• _WHAT IS EXPECTED_:
Set down each record that follows exactly. Drop the images.

• _MATERIAL FOR THIS TASK_:
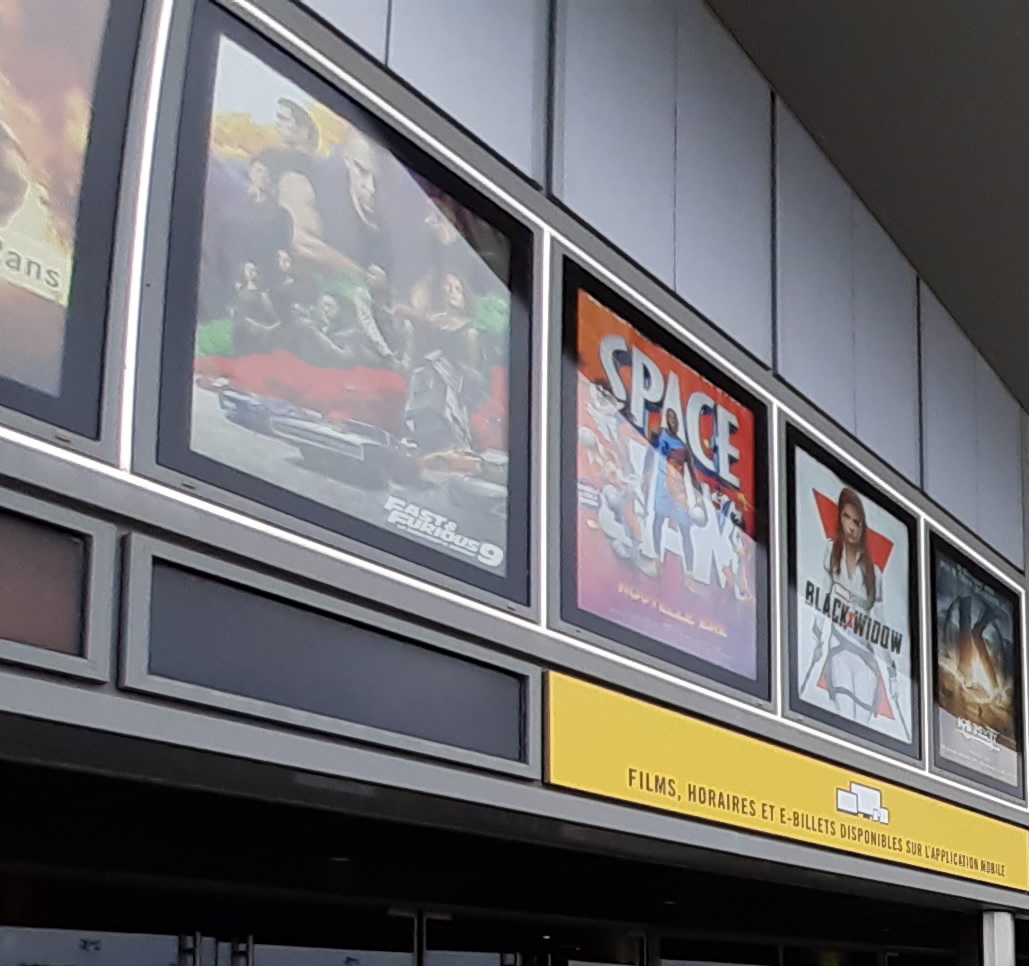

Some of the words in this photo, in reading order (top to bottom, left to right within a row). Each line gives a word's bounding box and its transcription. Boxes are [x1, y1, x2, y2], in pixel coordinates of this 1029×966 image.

[0, 239, 60, 288] ans
[600, 335, 740, 488] SPACE
[384, 496, 447, 526] FAST
[387, 509, 480, 553] FURIOUS
[477, 543, 504, 567] 9
[805, 580, 851, 630] BLACK
[853, 610, 903, 655] WIDOW
[628, 767, 682, 802] FILMS,
[687, 783, 756, 817] HORAIRES
[761, 802, 776, 822] ET
[779, 807, 836, 837] E-BILLETS
[840, 823, 903, 852] DISPONIBLES
[905, 840, 922, 857] SUR
[924, 845, 978, 871] L'APPLICATION

• _RESULT_:
Some of the words in this photo, in reading order (top to bottom, left to right within a row). Each line gives a word's bounding box and its transcription. Boxes are [x1, y1, x2, y2], in pixel coordinates of this 1029×966 image.

[0, 239, 60, 288] ans
[600, 335, 740, 488] SPACE
[384, 496, 447, 526] FAST
[387, 509, 480, 553] FURIOUS
[477, 543, 504, 567] 9
[805, 580, 851, 630] BLACK
[853, 610, 903, 655] WIDOW
[628, 767, 682, 802] FILMS,
[687, 783, 756, 817] HORAIRES
[761, 802, 776, 822] ET
[779, 807, 836, 837] E-BILLETS
[840, 823, 903, 852] DISPONIBLES
[905, 840, 922, 857] SUR
[924, 845, 978, 871] L'APPLICATION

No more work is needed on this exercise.